Yeah, why is it that Viz is always up there?
It’s a legacy that the publishers have desperately tried to change. When it came out there was no shelf for men’s magazines to put it on. The only place they could think, because it had the f-word in it, was to stick it with the porn. When Loaded and all those magazines came out, it was already too late. Oh God, how we’ve tried to get it off the top shelf…

Do you have any control over the adverts? The “Improve Your Memory” ad has been in there for years. It took me years to realise it wasn’t a running joke.
We’re actually just going to do a piss-take of that. You’re right, it’s been running for years. Doctor Bruno Furst has obviously got a very good memory and remembers to send his copy in every five weeks. The adverts are all down to the publishers, but we do have the right to veto adverts. When it got really difficult to sell ad space, we used to have an awful lot of sex-line adverts. We thought it made the comic look awful. It basically said we think the readers are a bunch of wankers. And it made it very hard to take the piss out of things like that. We told the publishers that we wanted them out, but they’ll occasionally try to squeeze them back in.

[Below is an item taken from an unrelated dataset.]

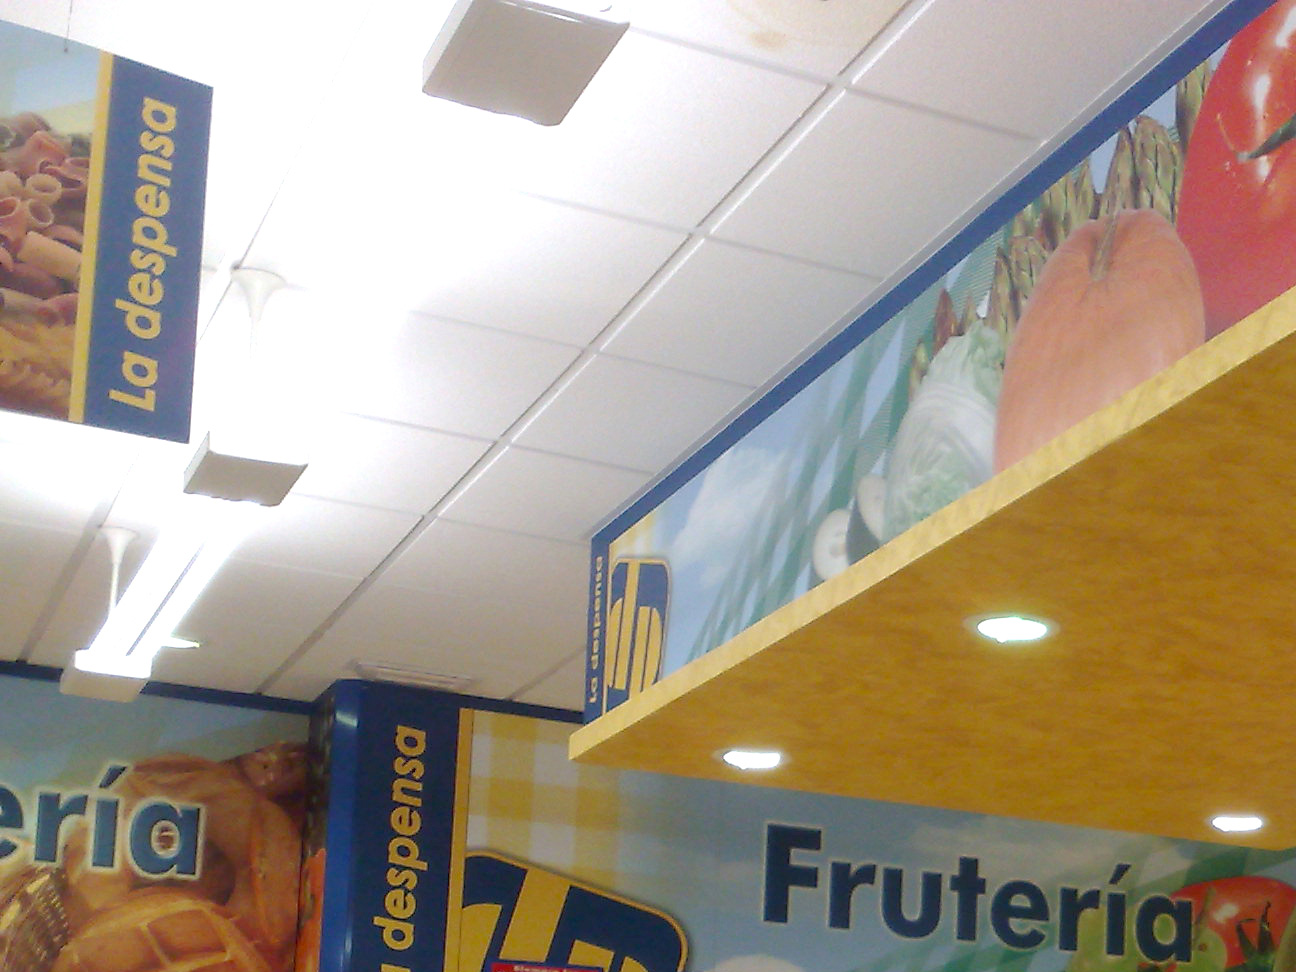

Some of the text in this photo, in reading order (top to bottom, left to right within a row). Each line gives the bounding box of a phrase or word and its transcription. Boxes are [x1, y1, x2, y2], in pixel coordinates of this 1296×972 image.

Viz seems to have a big male following.
Davey Jones:
I know quite a lot of squaddies read it, and prisoners. We occasionally get letters from prison that are heavily censored, but at least we don’t get death threats from religious nutters like we used to. We once got one that was scary enough that we went to the police, but apparently if someone’s going to kill you they don’t tend to write to you and tell you first, they just kill you. We were more relaxed after hearing that.

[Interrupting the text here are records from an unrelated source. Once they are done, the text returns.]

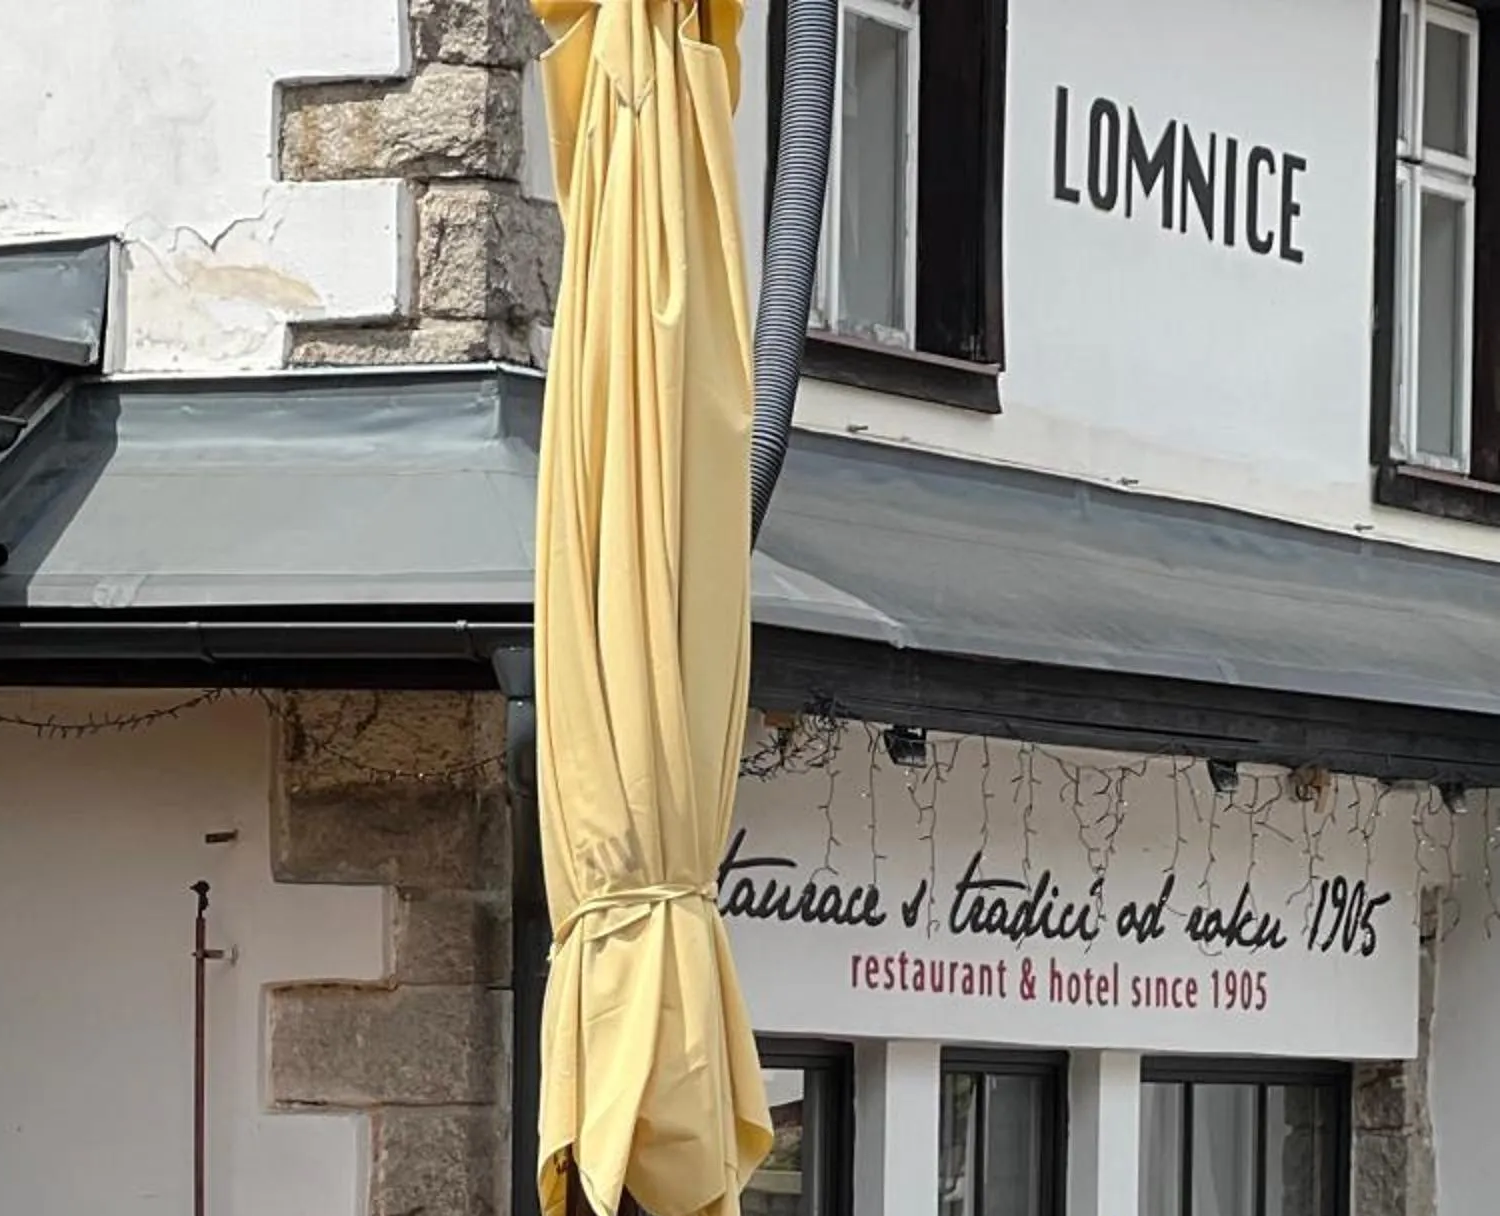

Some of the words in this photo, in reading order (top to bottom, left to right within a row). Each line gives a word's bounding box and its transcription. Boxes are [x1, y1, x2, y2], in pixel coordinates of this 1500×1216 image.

[1053, 84, 1307, 265] LOMNICE
[1117, 873, 1175, 943] od
[1184, 881, 1287, 949] roku
[1307, 875, 1392, 957] 1905
[851, 951, 1007, 998] restaurant
[1019, 956, 1037, 1001] &
[1050, 956, 1119, 1007] hotel
[1131, 975, 1199, 1009] since
[1211, 968, 1268, 1011] 1905

Makes sense. The magazine has always been joyfully offensive, but has there ever been anything you’ve worried about printing?
Graham Drury:
We’ve always said that if you think of something and it makes you laugh and then wince, it’s funny. But if it makes you wince first and then laugh we’ll know it’s probably crossed a line. We’re not worried about offending people, but it’s not the object of the exercise. Stuff needs to be a bit close to the line, or else it becomes very safe and you end up with the magazine equivalent of My Family.




You got into a bit of trouble with the UN over a strip called “The Thieving Gypsy Bastards”—I guess that might have offended some people.
Yes, and possibly quite rightly. We had to put our hands up and apologise for that one. We did a cartoon on the opposite page called “The Nice Honest Gypsies”, with an old woman selling pegs and reminding people they’d dropped their change. I think we were trying to negate the offensive one on the other page.

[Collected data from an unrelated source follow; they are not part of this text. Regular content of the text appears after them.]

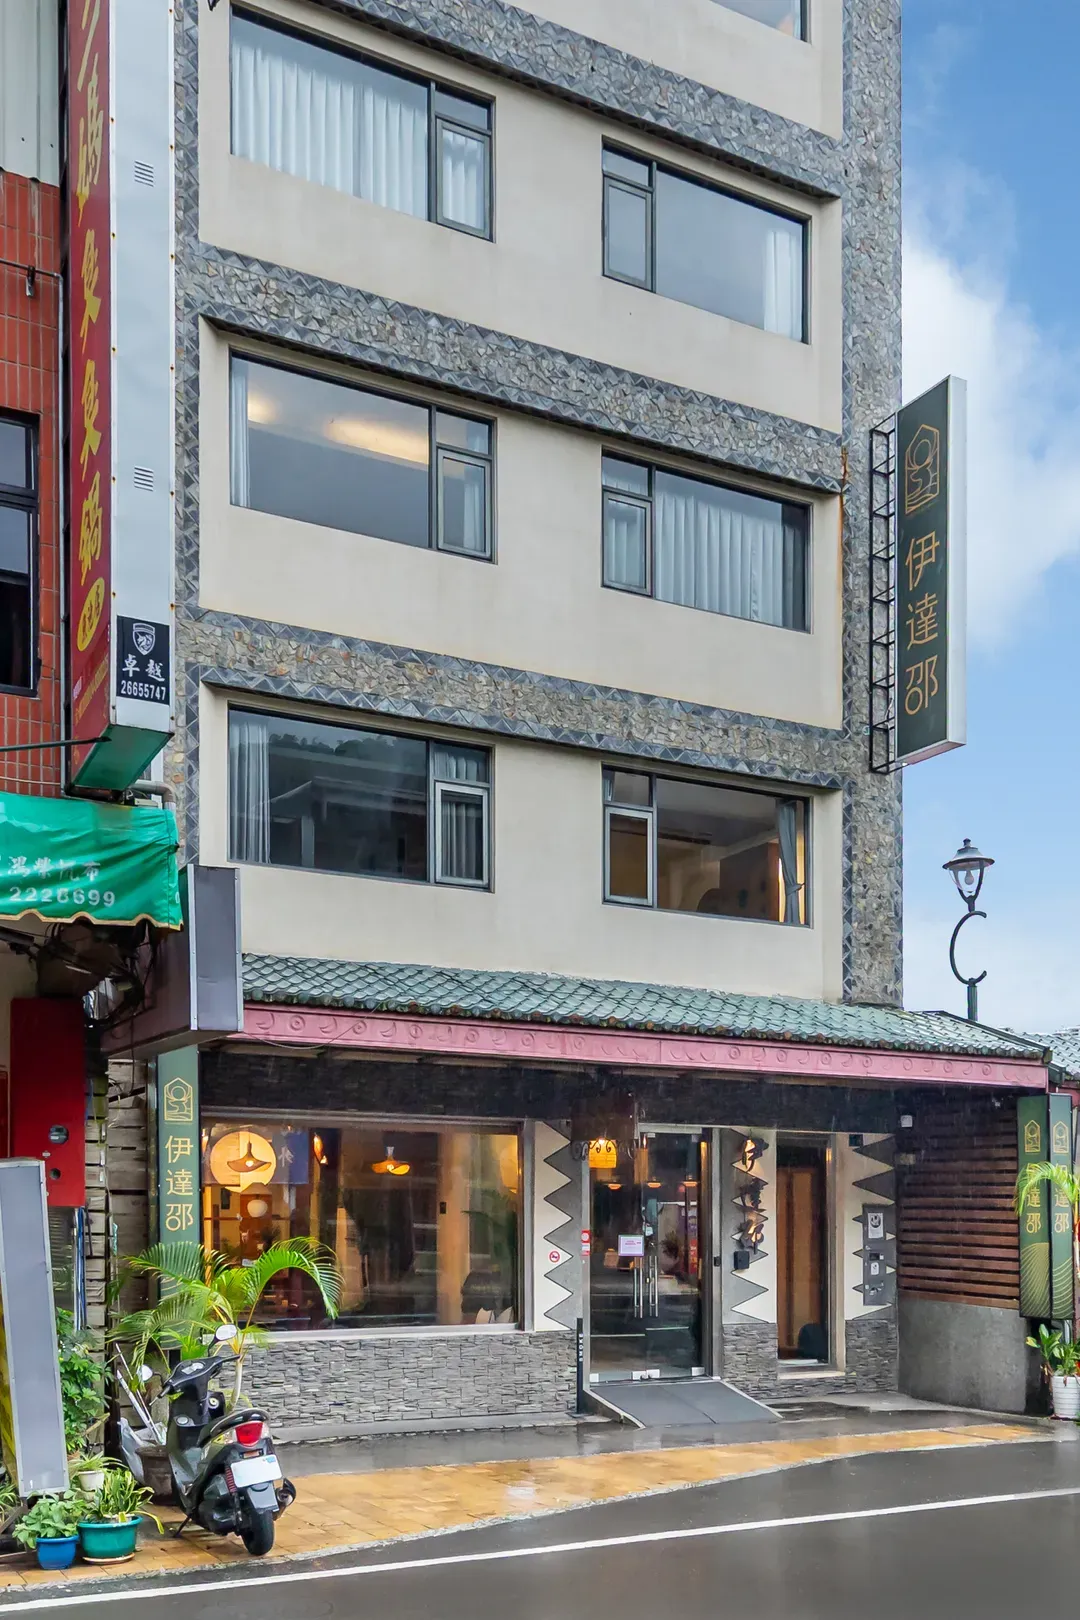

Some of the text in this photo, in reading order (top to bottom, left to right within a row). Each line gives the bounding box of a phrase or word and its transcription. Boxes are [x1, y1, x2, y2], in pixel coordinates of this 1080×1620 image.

[905, 531, 940, 715] 伊達邵
[120, 679, 166, 700] 26655747
[122, 653, 165, 682] 卓越
[165, 1135, 194, 1231] 伊達邵
[1025, 1164, 1042, 1233] 達邵

The Sun discovered that the guy who complained to the UN was convicted of thieving soon after. Do you ever regret running strips?
We did one about the actress Marti Caine, and she died just as the comic came out. We got a bit of stick for it and felt bad. But you have to think if we would have felt bad if they hadn’t died. It’s the risk you take. If you do stuff about celebrities, there’s always a chance they’re going to peg it before the comic comes out.

Has getting in to trouble become a recurring theme?
No, mostly because it’s read by a very expensive barrister before we go to print, and she’ll tell us what is likely to get us into trouble. When we say something like Elton John was seen having the squits behind a skip, I suppose technically that is libellous, but she would just laugh and know Elton John isn’t going to do anything about something like that. It’s the D-list celebrities that you need to be more careful about.

How do you think Viz will be remembered? Auberon Waugh called Viz the legitimate heir to Swift and also said that, more than “serious” literature, “Viz has a genuine vitality of its own which comes from the society which it represents”. That’s quite good of him.
Yes, it’s nice to hear stuff like that. I hope the comic doesn’t have to be remembered and it continues to be sold. But it’s such an ephemeral thing. We’re so surprised that people collect it. For us, it’s something you buy, laugh at and throw away. I just hope it’s remembered as something that was funny, because that’s all it’s meant to be. It’s nice to attribute social comment to it, but it has to be remembered as being funny or it has failed.